[Data items]
────────────────

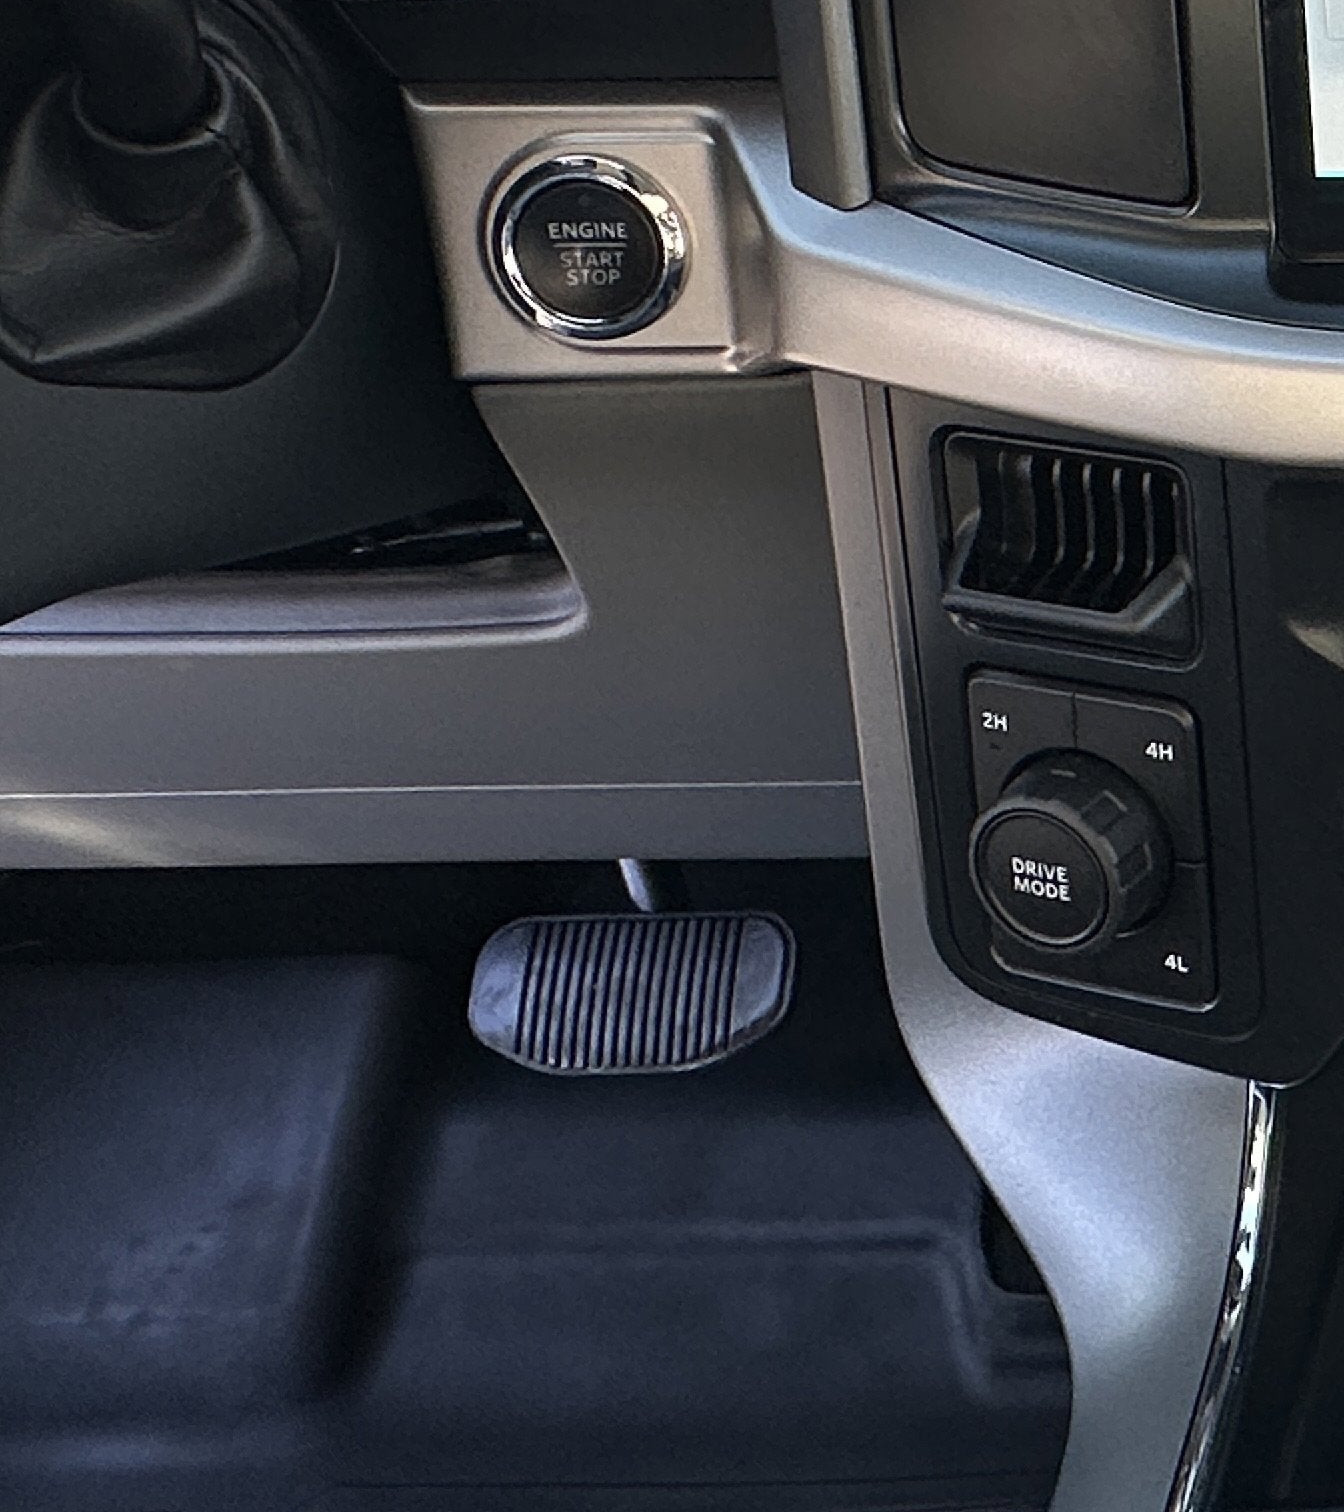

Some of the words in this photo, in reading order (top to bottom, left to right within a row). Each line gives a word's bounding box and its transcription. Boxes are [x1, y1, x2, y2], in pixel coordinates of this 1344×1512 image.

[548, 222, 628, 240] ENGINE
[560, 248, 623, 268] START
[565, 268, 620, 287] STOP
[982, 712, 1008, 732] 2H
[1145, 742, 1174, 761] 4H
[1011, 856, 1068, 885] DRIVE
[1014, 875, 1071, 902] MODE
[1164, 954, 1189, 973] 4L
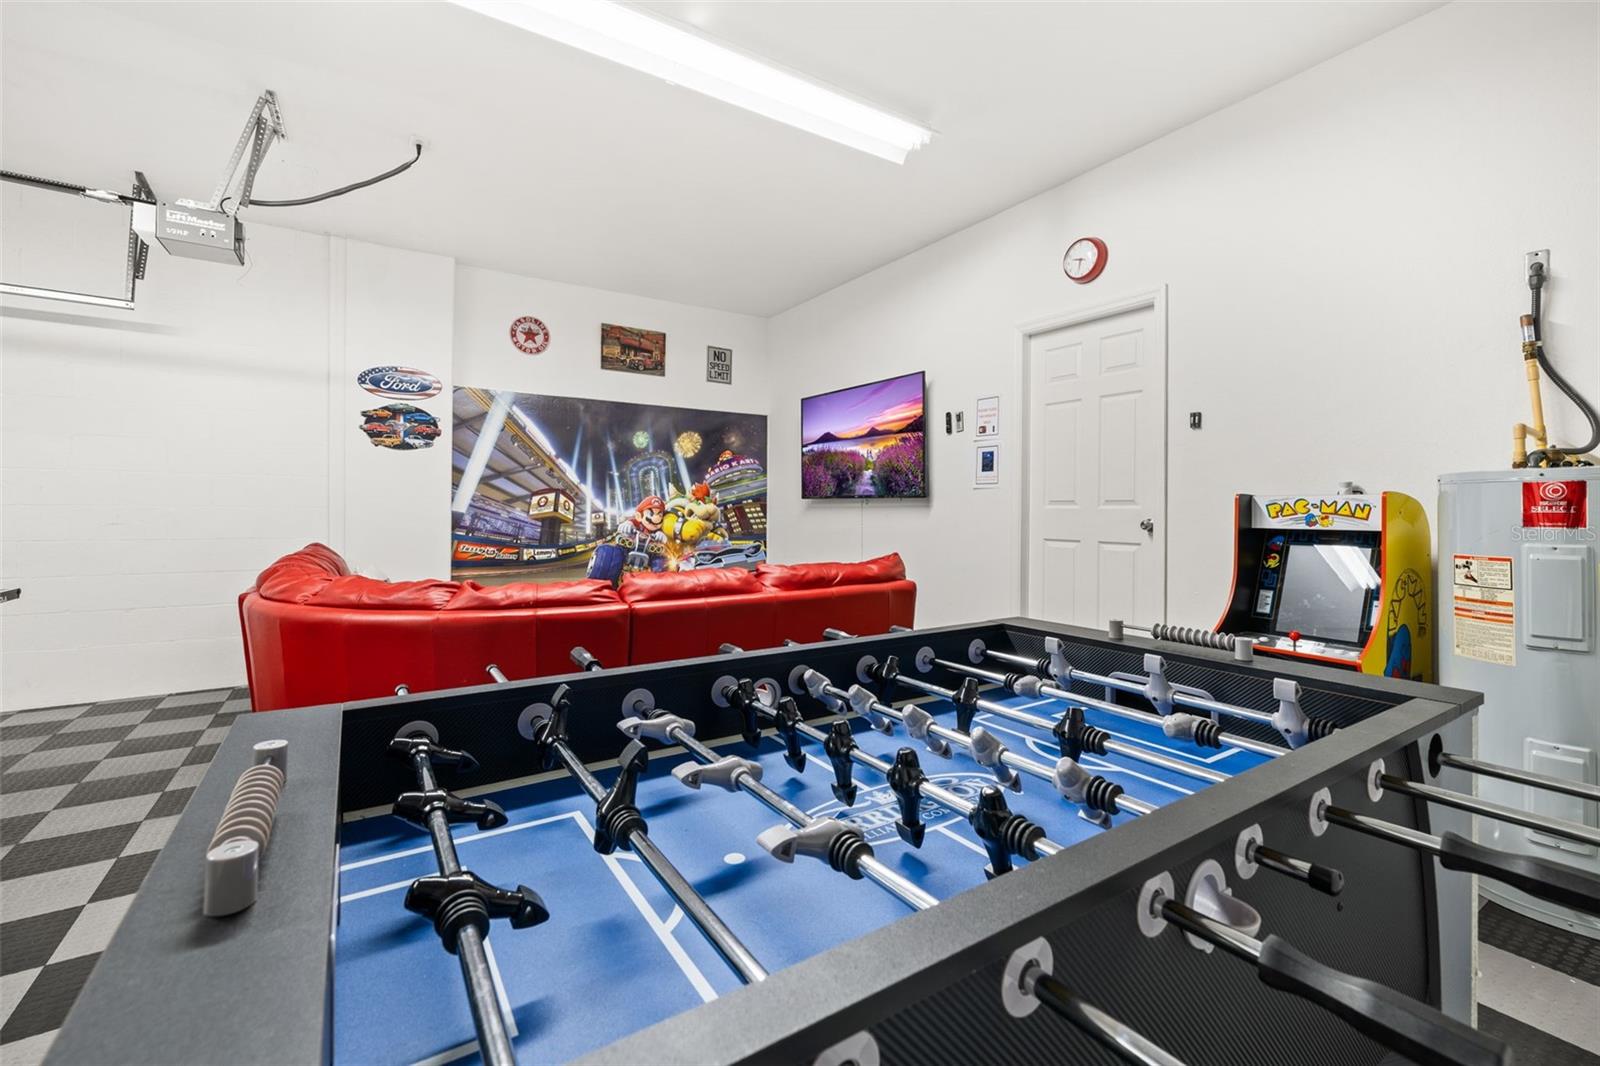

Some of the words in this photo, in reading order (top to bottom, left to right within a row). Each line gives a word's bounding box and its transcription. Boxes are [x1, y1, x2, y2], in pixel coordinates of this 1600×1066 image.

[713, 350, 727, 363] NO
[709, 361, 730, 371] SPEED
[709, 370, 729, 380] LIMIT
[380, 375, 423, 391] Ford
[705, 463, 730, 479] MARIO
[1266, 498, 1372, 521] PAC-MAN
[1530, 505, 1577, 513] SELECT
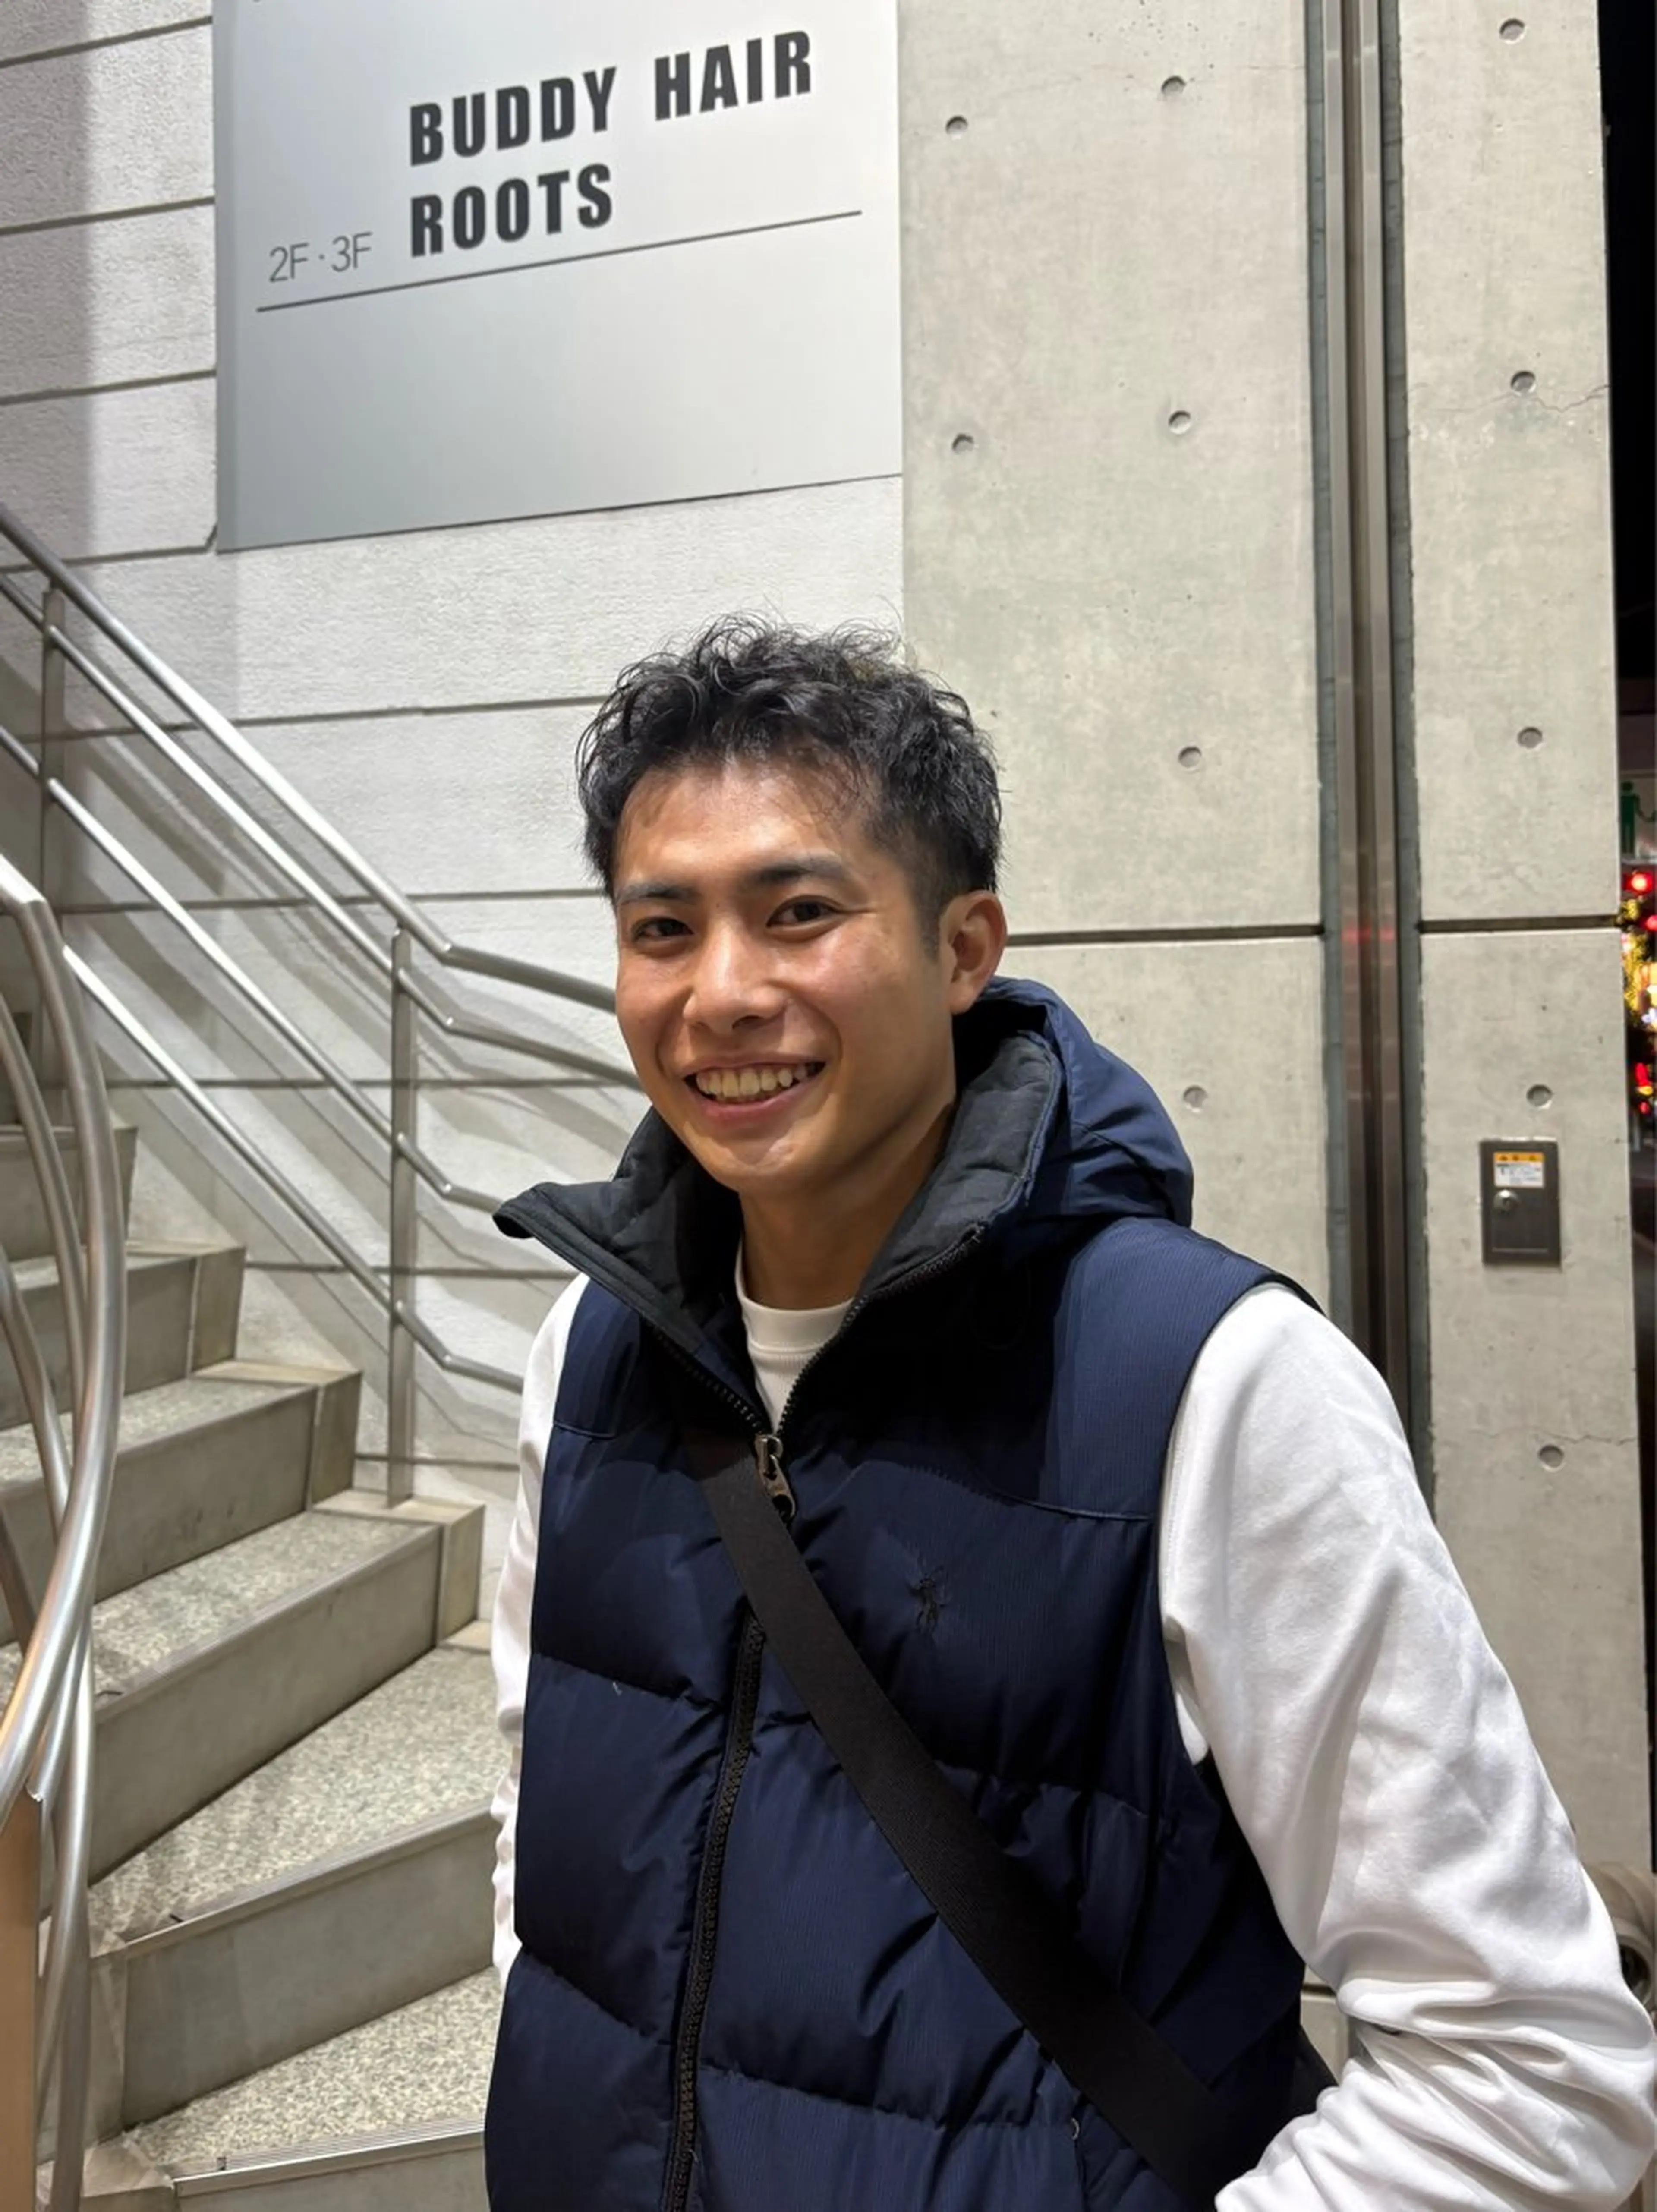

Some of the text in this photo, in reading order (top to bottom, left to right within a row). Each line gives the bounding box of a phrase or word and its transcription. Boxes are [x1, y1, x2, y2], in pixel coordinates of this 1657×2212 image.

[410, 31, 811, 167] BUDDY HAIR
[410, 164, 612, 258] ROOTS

────────────────

The line that contains "this 1600×1066 image." opens the part to copy, and the last line of the records closes it; set down those lines exactly, pictures excluded.

* **EXPECTED ANSWER**:
Some of the words in this photo, in reading order (top to bottom, left to right within a row). Each line gives a word's bounding box and its transcription. Boxes are [x1, y1, x2, y2], in pixel coordinates of this 1600×1066 image.

[713, 350, 727, 363] NO
[709, 361, 730, 371] SPEED
[709, 370, 729, 380] LIMIT
[380, 375, 423, 391] Ford
[705, 463, 730, 479] MARIO
[1266, 498, 1372, 521] PAC-MAN
[1530, 505, 1577, 513] SELECT

Some of the text in this photo, in reading order (top to bottom, left to right within a row). Each line gives the bounding box of a phrase or word and its transcription. Boxes are [x1, y1, x2, y2], in pixel coordinates of this 1657×2212 image.

[410, 31, 811, 167] BUDDY HAIR
[410, 164, 612, 258] ROOTS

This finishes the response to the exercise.